Imagem 3:  NETTER, Frank H. Netter-Atlas de anatomia humana. Elsevier Brasil, 2008.

 

O diagnóstico da lesão é realizado por meio de testes para detecção de
instabilidade. Eles devem ser realizados apenas de 4 a 7 dias após o trauma, depois de
descartada hipótese de fratura por radiografia. Os principais testes semiológicos para
detecção da instabilidade lateral são: o teste da gaveta anterior do tornozelo (não
confunda com aquele mais famoso e de mesmo nome, realizado no joelho!), que avalia
o LTFA, e o teste da inclinação talar, que avalia tanto o LCF quanto o LTFA (imagem
3). Vale lembrar que há instabilidade apenas nos graus de injúria II e III, em
classificação que vai do I ao III.

Imagem 4: HANSEN, John T. Netter-Anatomia Clínica. Elsevier Brasil, 2015.

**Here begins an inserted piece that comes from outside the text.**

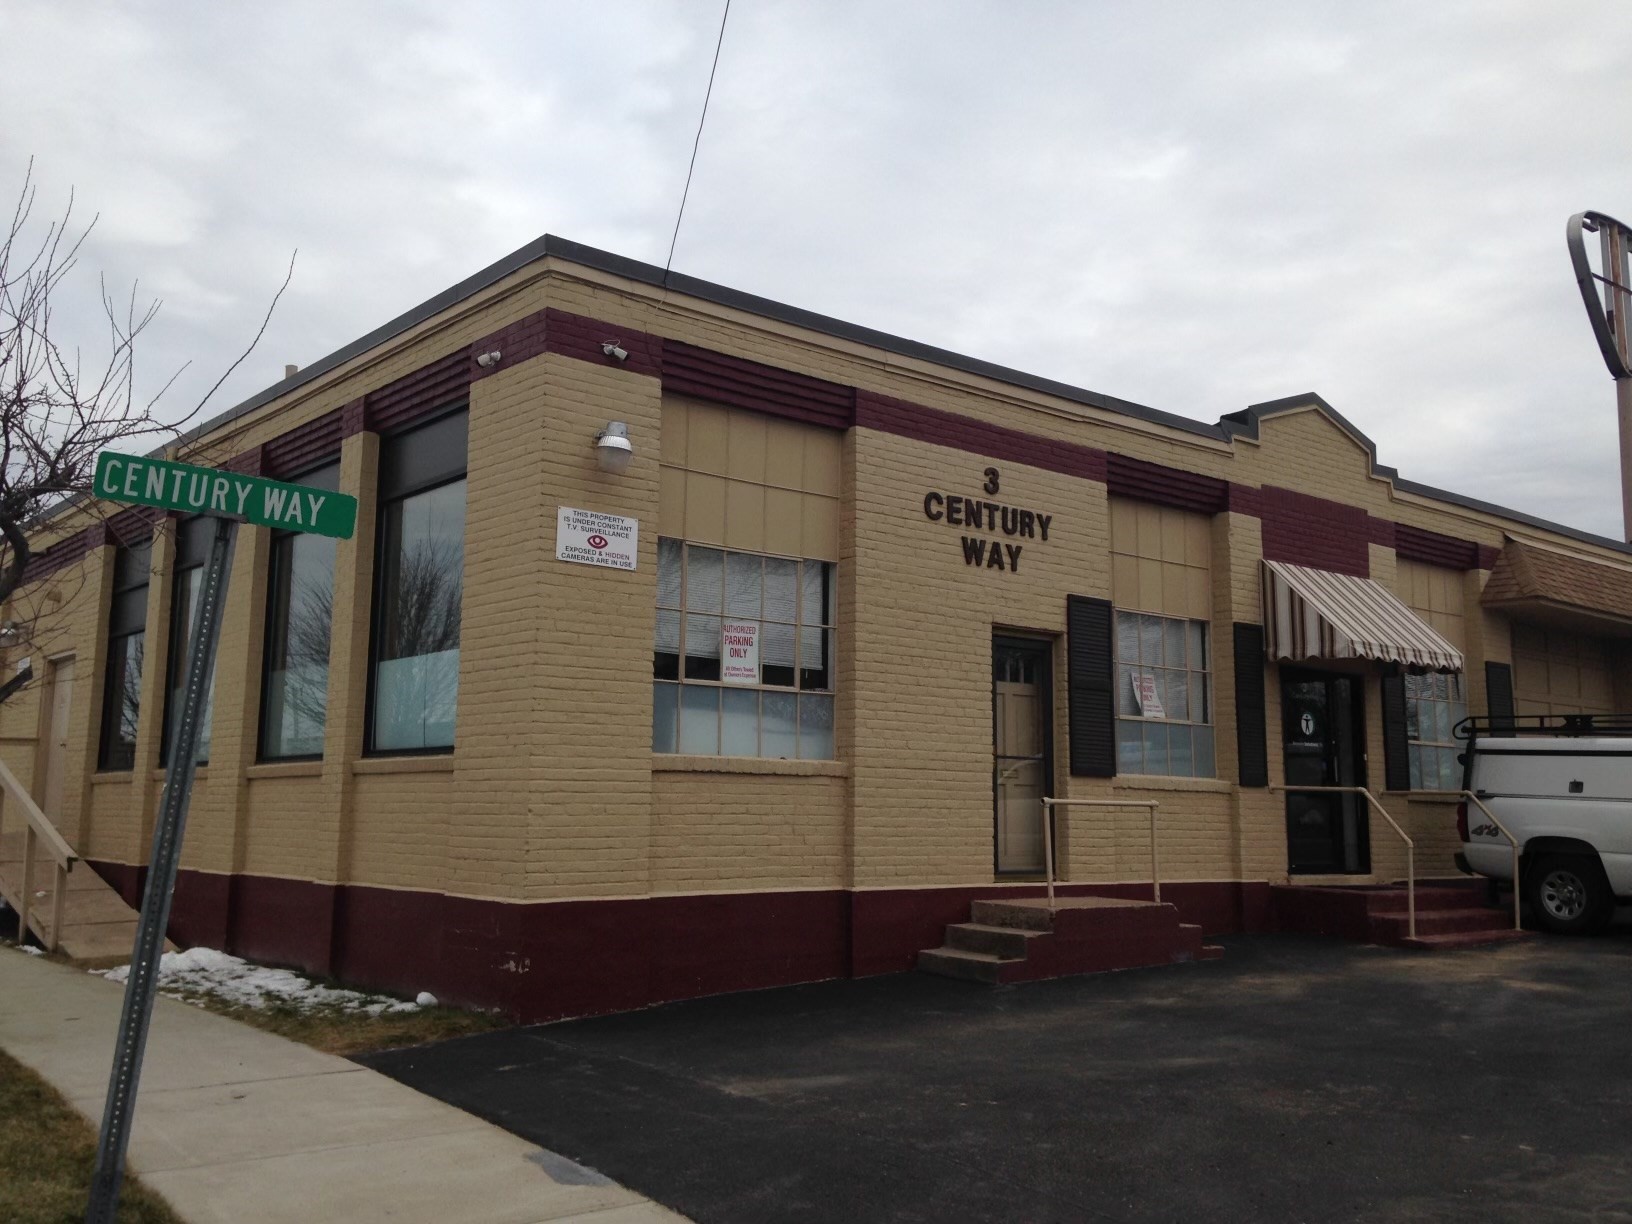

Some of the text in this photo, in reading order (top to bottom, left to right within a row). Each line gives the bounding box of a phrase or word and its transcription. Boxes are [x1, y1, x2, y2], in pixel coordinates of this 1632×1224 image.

Destaca-se, também, o diagnóstico diferencial dessa lesão: a Fratura de Base do
V Metatarso, que foi a última lesão de Neymar Jr. Ambas são causadas pelo mesmo
mecanismo (inversão + flexão plantar súbitas) e, para fazer a diferenciação, é verificado
se há dor quando realizada digitopressão na base do quinto metatarso, além da
investigação de fratura na radiografia do pé.

Em relação à prevenção desse tipo de lesão, tem-se, segundo estudos, que os
exercícios proprioceptivos são o método mais efetivo. A propriocepção é considerada
por alguns como o sexto sentido, podendo ser definida como a capacidade que nosso
corpo tem de reconhecer sua própria localização espacial por meio de uma série de
estruturas nervosas. Portanto, exercícios como marchar de olhos fechados sobre
diferentes apoios (balancim, prancha, colchonete, cama elástica e demarcação no chão)
estimulam essas vias sensoriais proprioceptivas, contribuindo para o desenvolvimento
de um melhor controle postural e, consequentemente, prevenindo lesões nas articulações
mais utilizadas para isso, como a do tornozelo.

 

Referências:

GREENE, Walter B. (Ed.). Netter ortopedia. Elsevier/Saunders, 2007.

PETERSON, Lars; RENSTRÖM, Per. Sports injuries: their prevention and treatment. Human Kinetics Publishers, 2000.

WALKER, Brad. The anatomy of sports injuries. North Atlantic Books, 2007.